What Are the Advantages & Disadvantages of U.S. Treasury Bonds?

When the U.S. Treasury sells bonds, it has no trouble finding buyers. Treasury bonds take 10 to 30 years to mature, after which you can redeem them at full value. You can sell them before they mature; in fact, the trade in immature Treasury securities (called "treasuries") has built the world's largest fixed-income marketplace.


Treasury bonds draw investors because they're safe, even when the economy turns sour. Your return on the bond is guaranteed by the full credit of the United States. Unlike some nations, the risk of revolution overthrowing the U.S. government is low. The American economy is strong because it's diverse: It doesn't depend on a single resource such as oil. Another reason bonds are a safe investment is that the Treasury can't call most bonds, so investors aren't forced to redeem them before maturity.
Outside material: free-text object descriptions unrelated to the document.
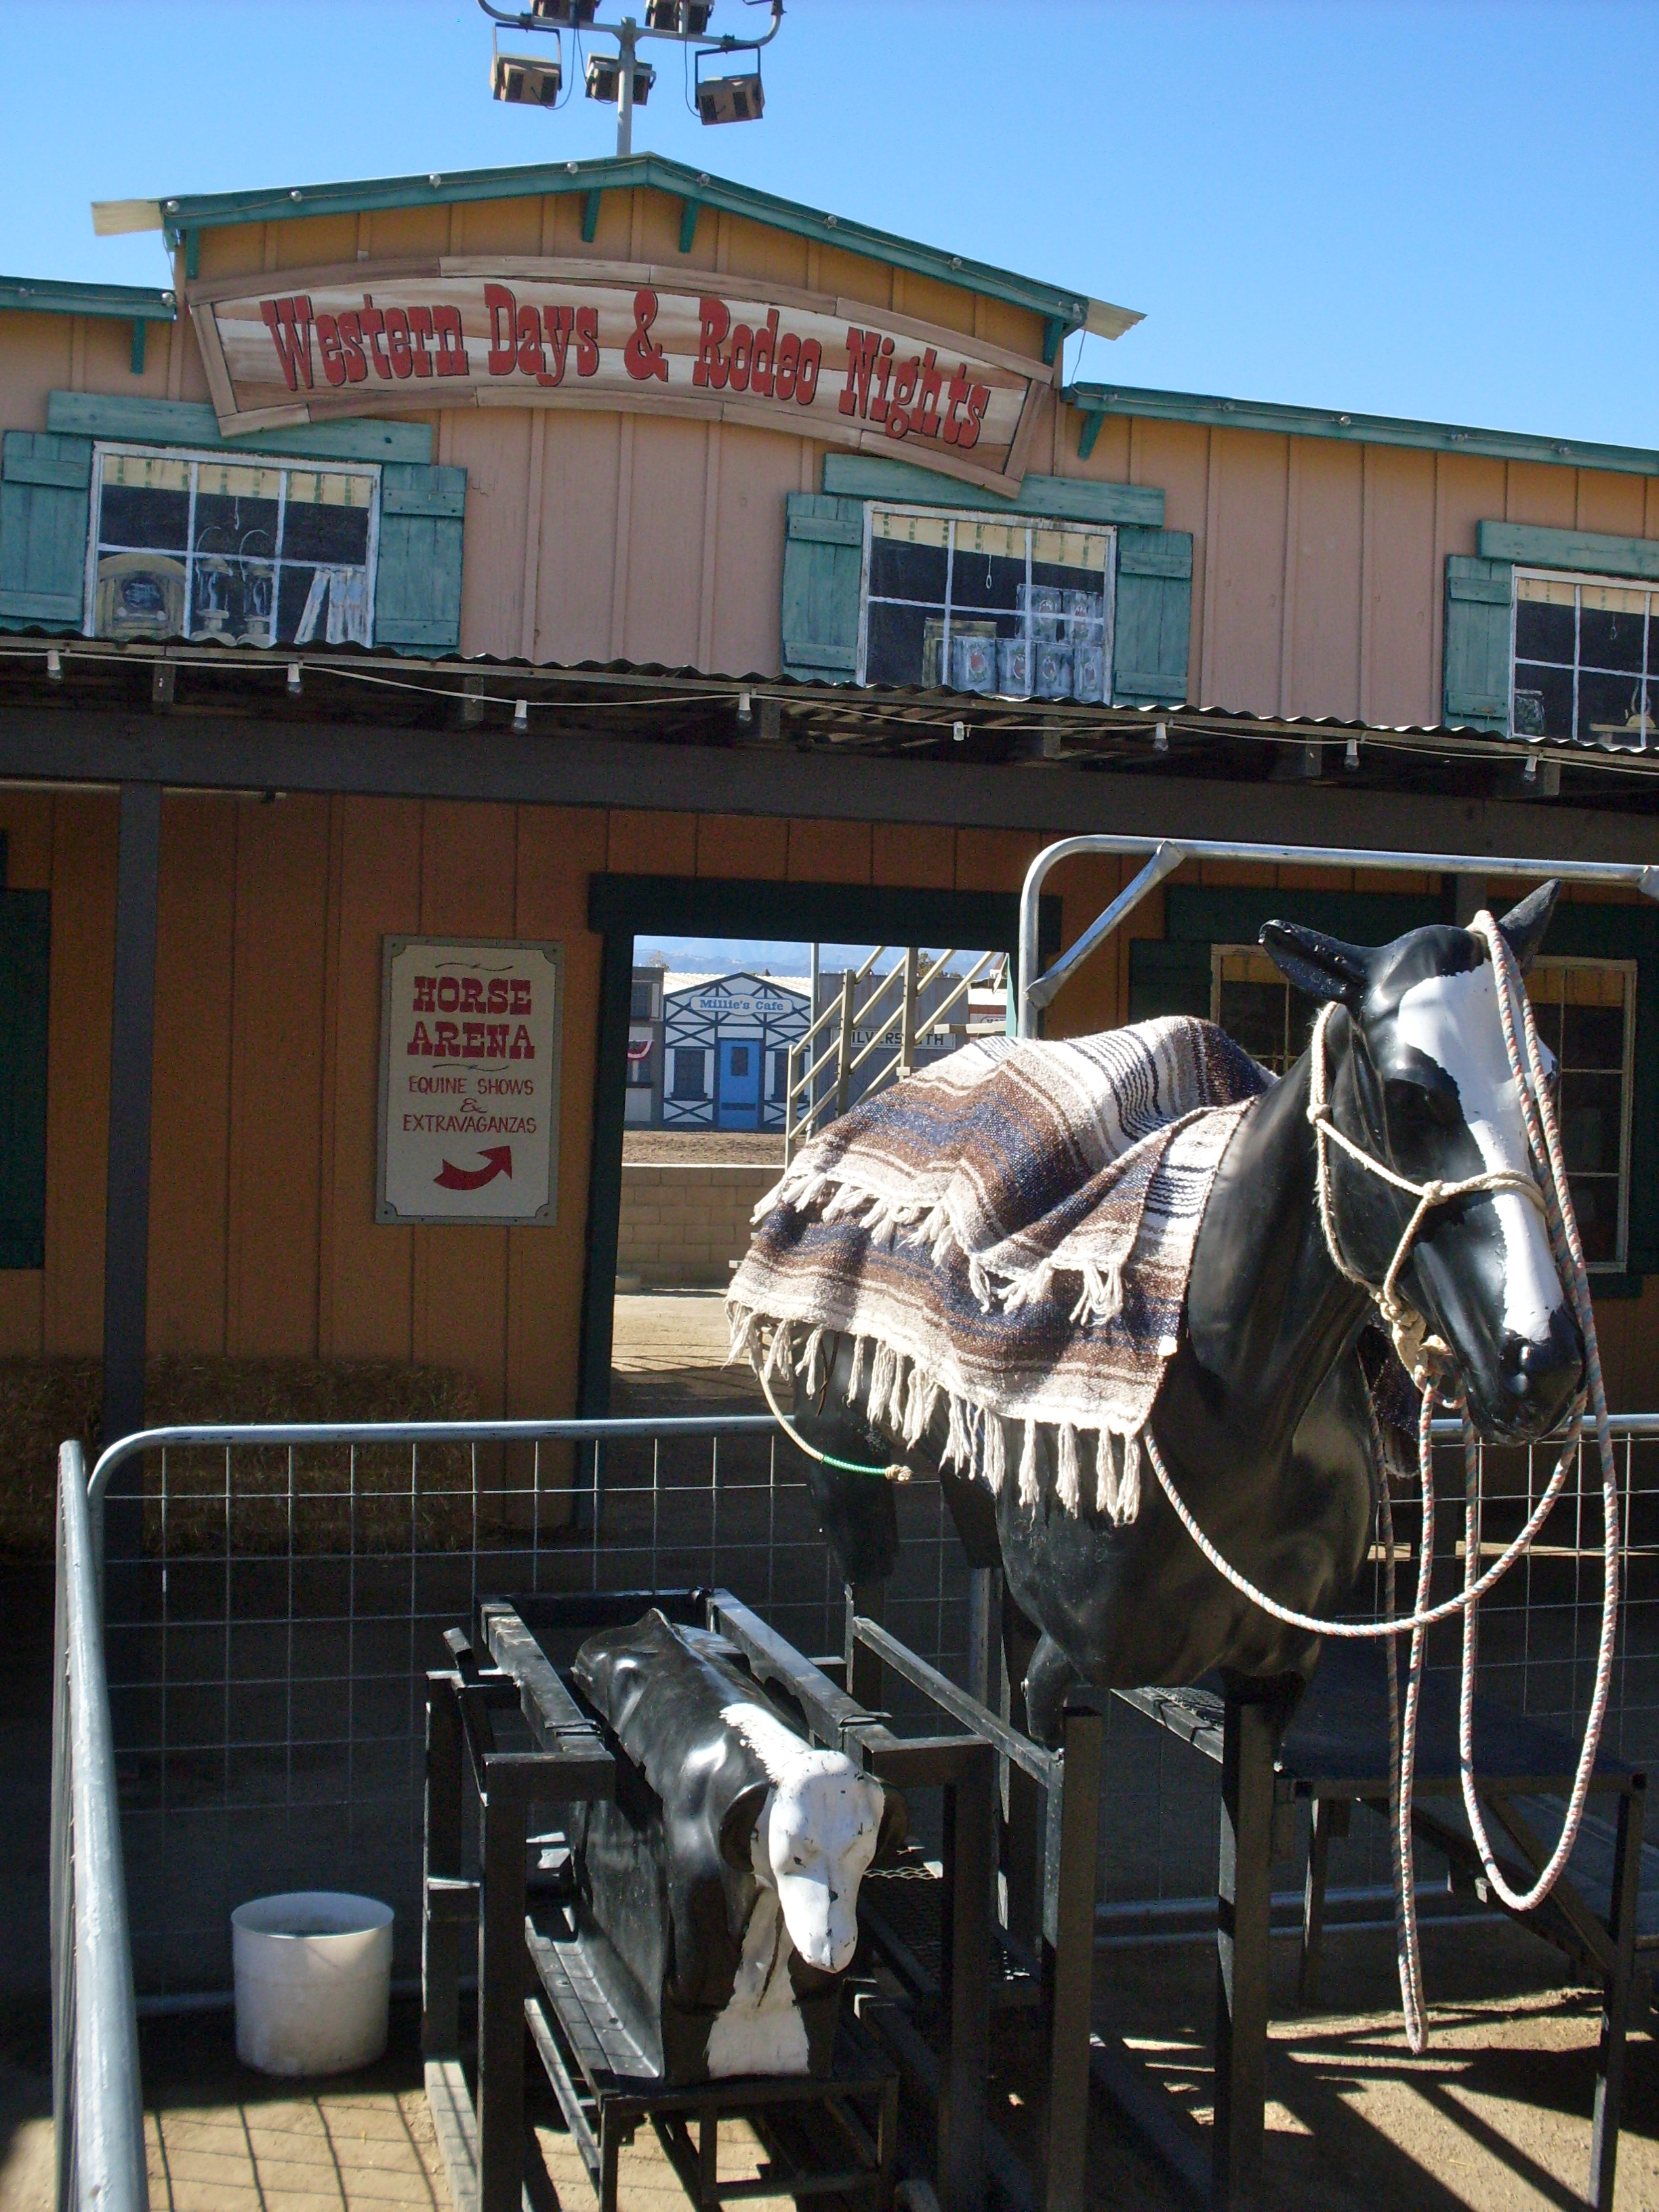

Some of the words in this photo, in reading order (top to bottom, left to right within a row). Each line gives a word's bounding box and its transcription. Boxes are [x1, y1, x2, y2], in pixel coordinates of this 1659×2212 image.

[260, 293, 470, 391] Western
[483, 283, 600, 386] Days
[623, 289, 669, 382] &
[692, 297, 822, 405] Rodeo
[838, 326, 991, 449] Nights
[412, 976, 531, 1015] HORSE
[700, 999, 750, 1010] Millie's
[755, 1001, 784, 1010] Cafe
[407, 1021, 535, 1059] ARENA
[852, 1031, 944, 1046] ILVRSTH
[409, 1076, 467, 1094] EQUINE
[477, 1078, 534, 1095] SHOWS
[459, 1097, 487, 1113] &
[403, 1113, 537, 1134] EXTRAVAGANZAS
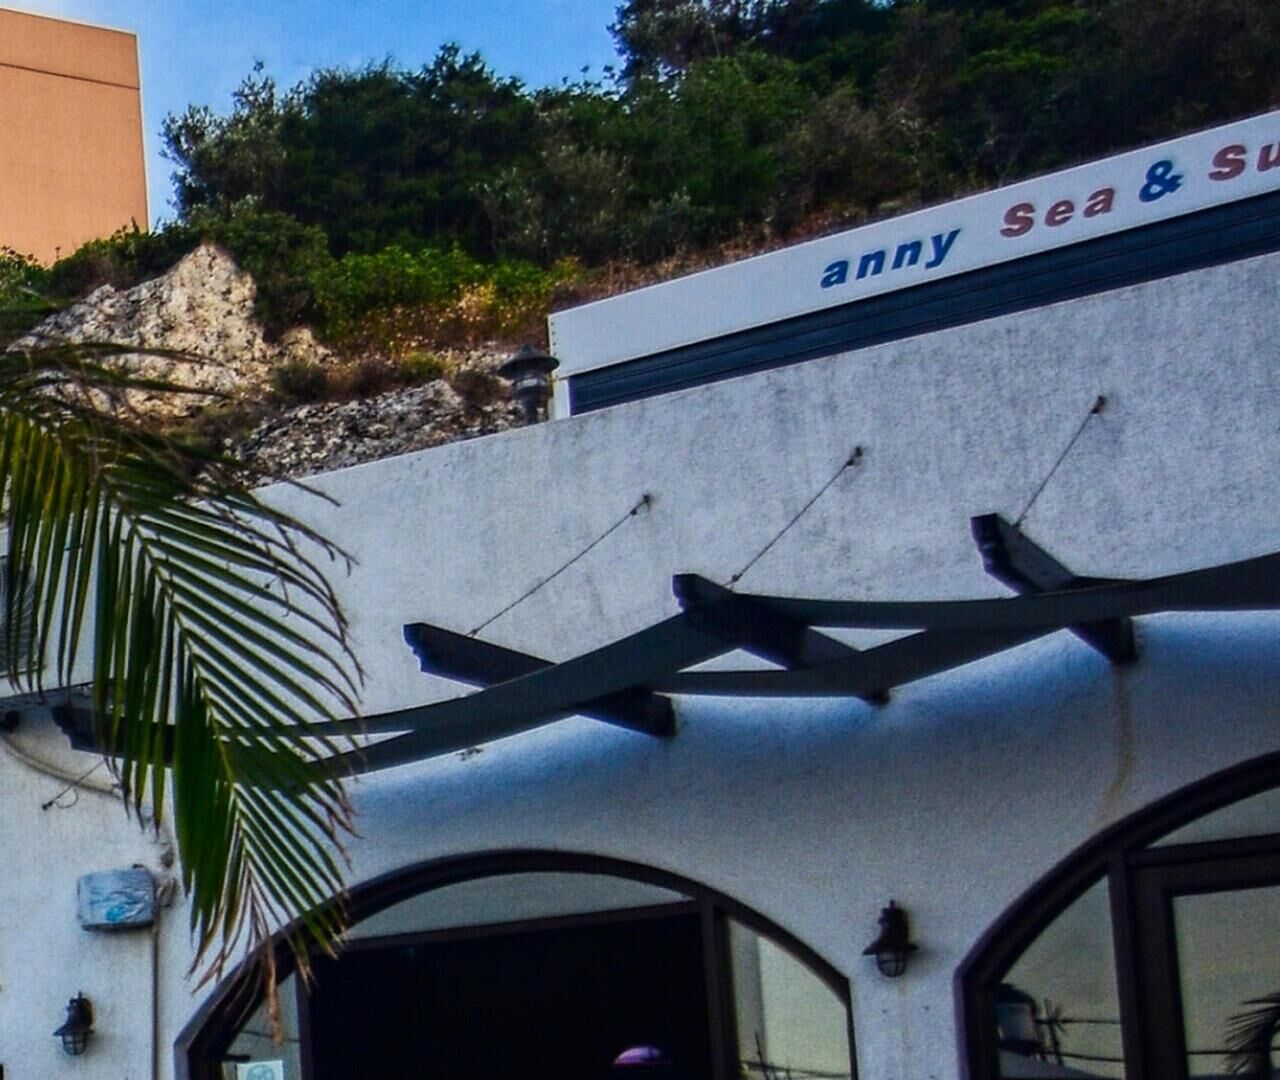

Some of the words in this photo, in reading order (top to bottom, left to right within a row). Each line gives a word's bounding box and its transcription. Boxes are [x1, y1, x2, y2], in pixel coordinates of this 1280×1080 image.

[819, 227, 962, 289] anny
[999, 186, 1116, 239] Sea
[1138, 160, 1184, 203] &
The market for Treasuries is not only large, it's incredibly liquid. Buyers and dealers can resell their purchases at any time. It's all the easier because the bonds are electronic, so there are no paper certificates to transfer. The government provides enough information about bond issues that both buyers and sellers can calculate the value of a bond at any time. It's easier to trade with confidence when everyone knows what the items in play are worth.

Low Yield

Treasuries are a safe investment, but they won't provide thrilling returns. The rate of return varies between bond issues, but even if you hold a bond to maturity, the returns are low. Investments that offer greater risk than Treasury bonds also offer greater returns. If you're comfortable with a high level of risk or you insist on a higher return on your investments, Treasury bonds may not be right for you. Another consideration is time: Redeeming bonds takes at least 10 years.


Treasuries are a very low-risk investment, but they're not risk-free. The U.S. government has to take on new debt so that it can afford to pay off old debts, such as maturing bonds. It's possible, at least in theory, that Congress could refuse to approve any new debt, triggering a default. Another risk, given the length of time you hold Treasury bonds, is inflation: If it's high enough, you may not keep up with inflation, i.e., you could end up cashing in a bond that has less purchasing power than the money you originally spent.